# Exercise
Leave out the pictures and retype all the entries below exactly.

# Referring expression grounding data
────────────────
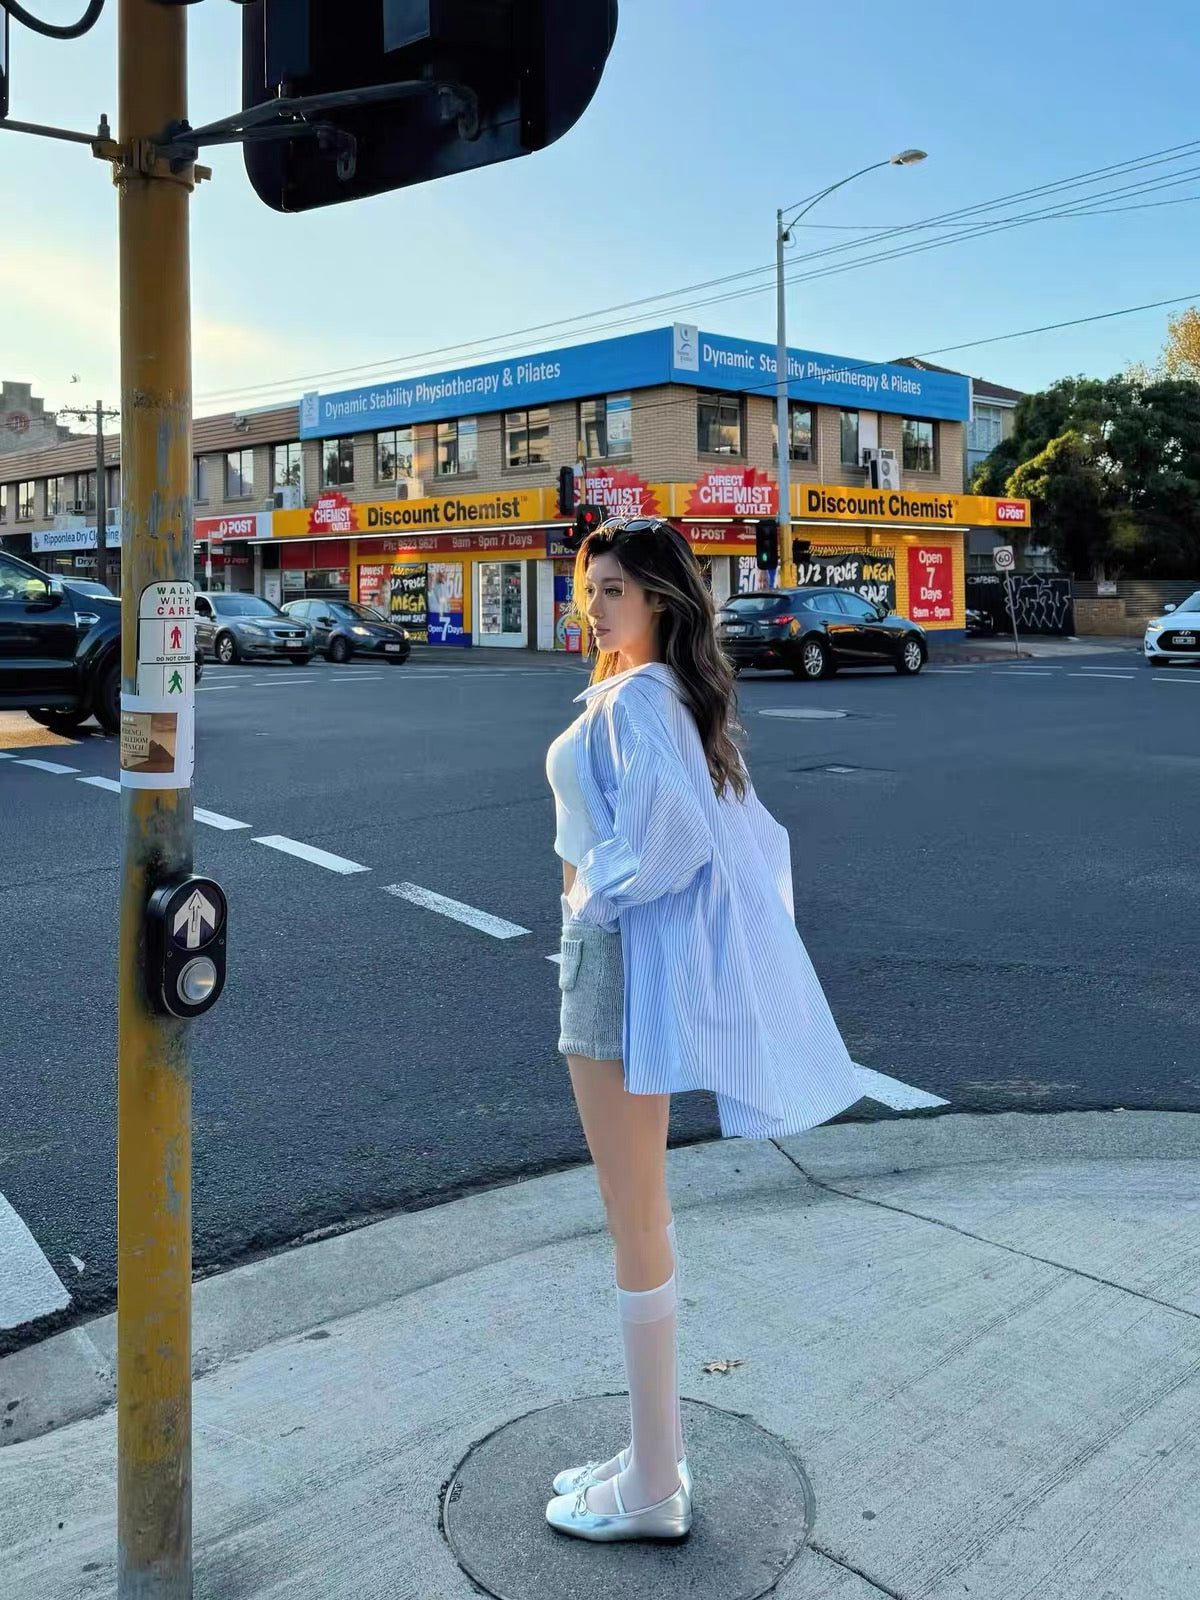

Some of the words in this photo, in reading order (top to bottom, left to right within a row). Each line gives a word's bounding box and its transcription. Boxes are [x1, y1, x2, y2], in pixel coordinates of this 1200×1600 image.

[703, 344, 755, 369] Dynamic
[760, 353, 804, 379] Stality
[807, 362, 879, 392] Physiotherapy
[880, 373, 889, 390] &
[891, 375, 922, 395] Pilates
[325, 395, 367, 419] Dynamic
[370, 388, 412, 410] Stability
[416, 374, 499, 404] Physiotherapy
[502, 367, 513, 387] &
[517, 362, 561, 385] Pilates
[708, 475, 744, 486] DIRECT
[699, 486, 772, 504] CHEMIST
[367, 504, 440, 527] Discount
[443, 496, 520, 522] Chemist
[735, 503, 772, 515] OUTLET
[808, 489, 885, 515] Discount
[888, 495, 953, 519] Chemist
[314, 507, 351, 524] CHEMIST
[1005, 508, 1025, 520] POST
[228, 520, 253, 534] POST
[701, 528, 726, 540] POST
[44, 532, 75, 547] Ripponlea
[76, 531, 88, 544] Dry
[452, 536, 470, 548] 9am
[479, 535, 498, 549] 9pm
[501, 534, 506, 544] 7
[508, 533, 532, 546] Days
[77, 558, 93, 567] Dry
[919, 550, 942, 566] Open
[998, 553, 1010, 563] 60
[360, 564, 384, 576] lowest
[798, 563, 821, 585] 1/2
[826, 562, 859, 585] PRICE
[863, 563, 895, 581] MEGA
[926, 567, 935, 588] 7
[360, 576, 378, 589] price
[402, 576, 426, 590] PRICE
[920, 586, 942, 602] Days
[391, 593, 426, 612] MEGA
[157, 607, 191, 615] CARE
[913, 606, 929, 618] 9am
[934, 606, 951, 619] 9pm
[428, 624, 442, 634] Open
[439, 616, 451, 641] 7
[448, 624, 464, 635] Days
────────────────
# Task answer
Some of the words in this photo, in reading order (top to bottom, left to right within a row). Each line gives a word's bounding box and its transcription. Boxes are [x1, y1, x2, y2], in pixel coordinates of this 1200×1600 image.

[703, 344, 755, 369] Dynamic
[760, 353, 804, 379] Stality
[807, 362, 879, 392] Physiotherapy
[880, 373, 889, 390] &
[891, 375, 922, 395] Pilates
[325, 395, 367, 419] Dynamic
[370, 388, 412, 410] Stability
[416, 374, 499, 404] Physiotherapy
[502, 367, 513, 387] &
[517, 362, 561, 385] Pilates
[708, 475, 744, 486] DIRECT
[699, 486, 772, 504] CHEMIST
[367, 504, 440, 527] Discount
[443, 496, 520, 522] Chemist
[735, 503, 772, 515] OUTLET
[808, 489, 885, 515] Discount
[888, 495, 953, 519] Chemist
[314, 507, 351, 524] CHEMIST
[1005, 508, 1025, 520] POST
[228, 520, 253, 534] POST
[701, 528, 726, 540] POST
[44, 532, 75, 547] Ripponlea
[76, 531, 88, 544] Dry
[452, 536, 470, 548] 9am
[479, 535, 498, 549] 9pm
[501, 534, 506, 544] 7
[508, 533, 532, 546] Days
[77, 558, 93, 567] Dry
[919, 550, 942, 566] Open
[998, 553, 1010, 563] 60
[360, 564, 384, 576] lowest
[798, 563, 821, 585] 1/2
[826, 562, 859, 585] PRICE
[863, 563, 895, 581] MEGA
[926, 567, 935, 588] 7
[360, 576, 378, 589] price
[402, 576, 426, 590] PRICE
[920, 586, 942, 602] Days
[391, 593, 426, 612] MEGA
[157, 607, 191, 615] CARE
[913, 606, 929, 618] 9am
[934, 606, 951, 619] 9pm
[428, 624, 442, 634] Open
[439, 616, 451, 641] 7
[448, 624, 464, 635] Days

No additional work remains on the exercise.